Victory Point - Ed Darack [23]
The Island Warriors—⅔’s nickname referencing the location of their home station (since the early summer of 1971) of Marine Corps Base Hawaii at Oahu’s Kaneohe Bay—would enter an active combat zone again as a battalion during their deployment in support of Operation Enduring Freedom VI, about four and a half years after the initial 2001 U.S. invasion of Afghanistan. Led at the time by Lieutenant Colonel Andrew MacMannis, the Marines of ⅔ learned in 2004 that they would journey to the eastern Afghan provinces of Laghman, Nangarhar, and Kunar in the late spring of 2005 and continue the fight that their sister battalion—the Third Battalion of the Third Marine Regiment—would be waging from the fall of 2004 until ⅔’s arrival seven months later. The battalion, composed of seasoned war fighters as well as fresh-faced “boot” Marines, undertook a vigorous long-term training package to fully ready themselves for combat in the mountains of the three provinces, including drills at their home base and a live-fire exercise at the Puhakuloa Training Area on Hawaii’s Big Island. Their predeployment workup would culminate, however, at two bases in California, the Marine Air Ground Combat Center at Twentynine Palms and a base that would prove critical for acclimatizing ⅔’s Marines to the rigors of mountain combat, the Marine Corps Mountain Warfare Training Center, located in a remote nook of California’s eastern Sierra Nevada Mountains with an adjunct training area in the mountains outside of Hawthorne, Nevada.
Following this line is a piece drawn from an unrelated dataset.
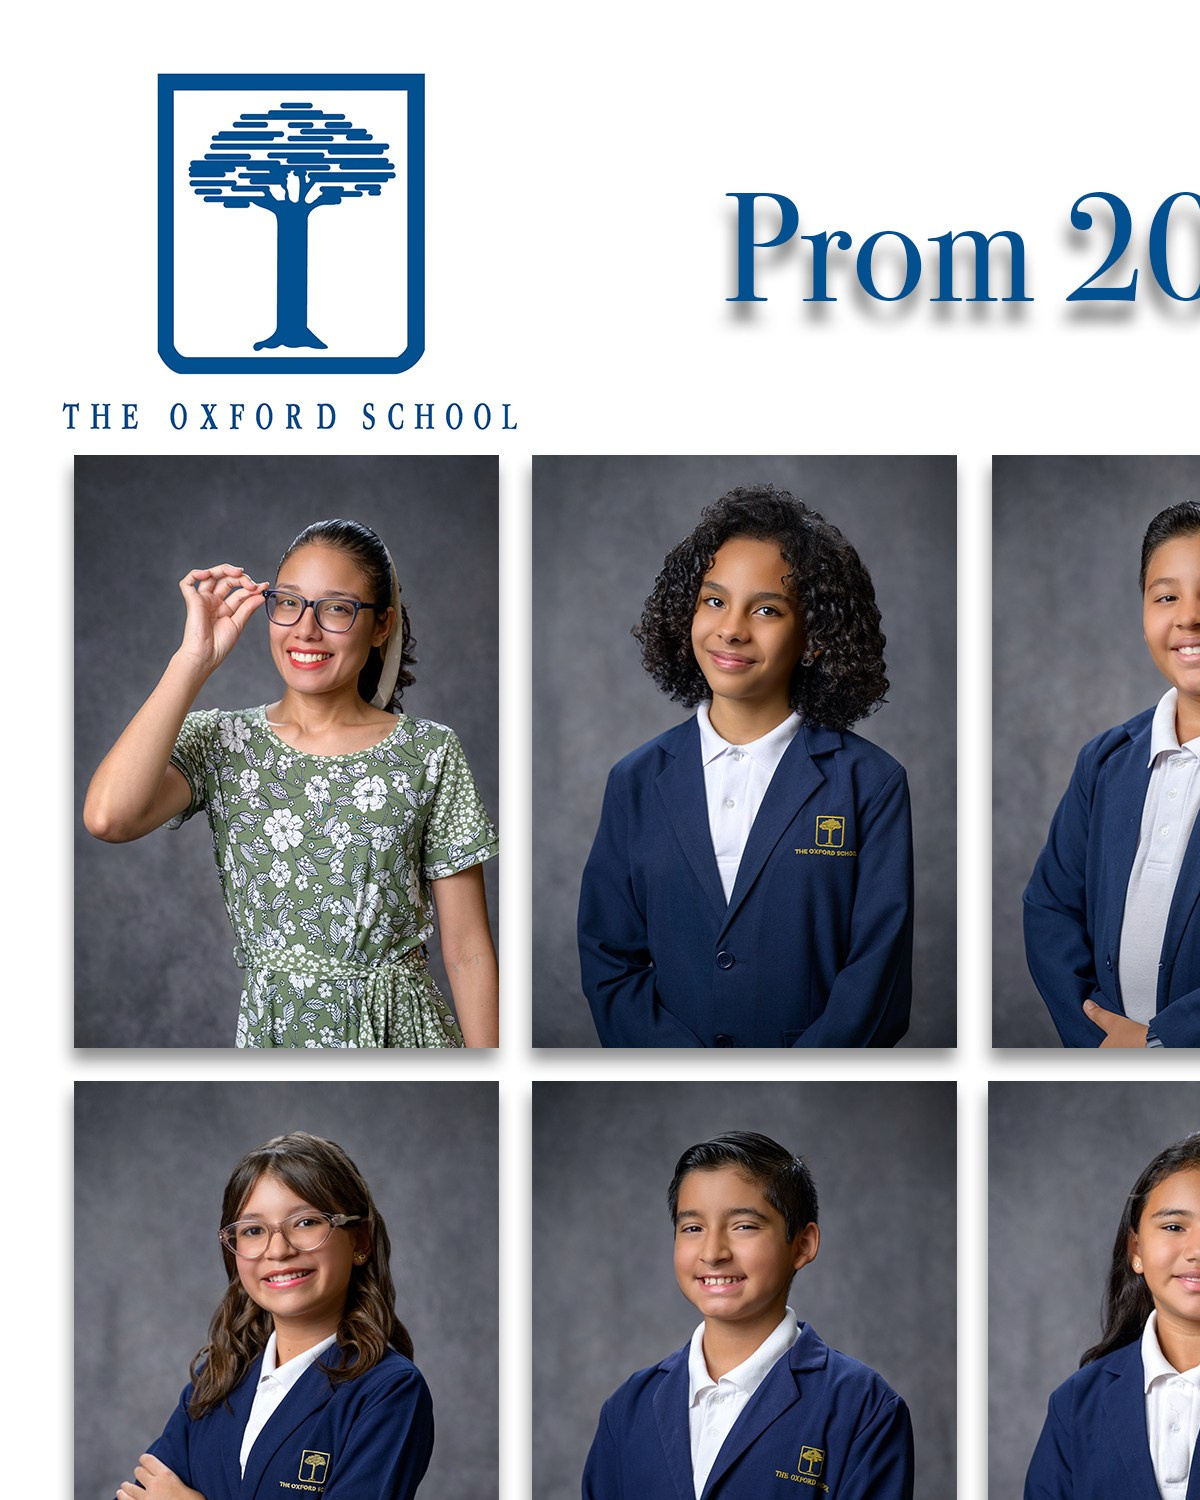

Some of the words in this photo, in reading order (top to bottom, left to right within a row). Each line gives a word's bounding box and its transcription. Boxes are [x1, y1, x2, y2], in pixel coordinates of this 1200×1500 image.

Marines often zealously proclaim that they “take the fight to the enemy” like no other military service branch—of any country. Capable of sending self-sufficient combat units to any location on the globe, the U.S. Marine Corps codified the very essence of their expeditionary warfare tactics into a doctrinal approach known to all Marines by five letters: MAGTF—an acronym for Marine Air-Ground Task Force, the rubric defining the modern USMC war-fighting construct that integrates all of their elements of combat power—from aircraft, to heavy artillery, to mortars, to logistical support, to tanks, everything—around Marine infantry.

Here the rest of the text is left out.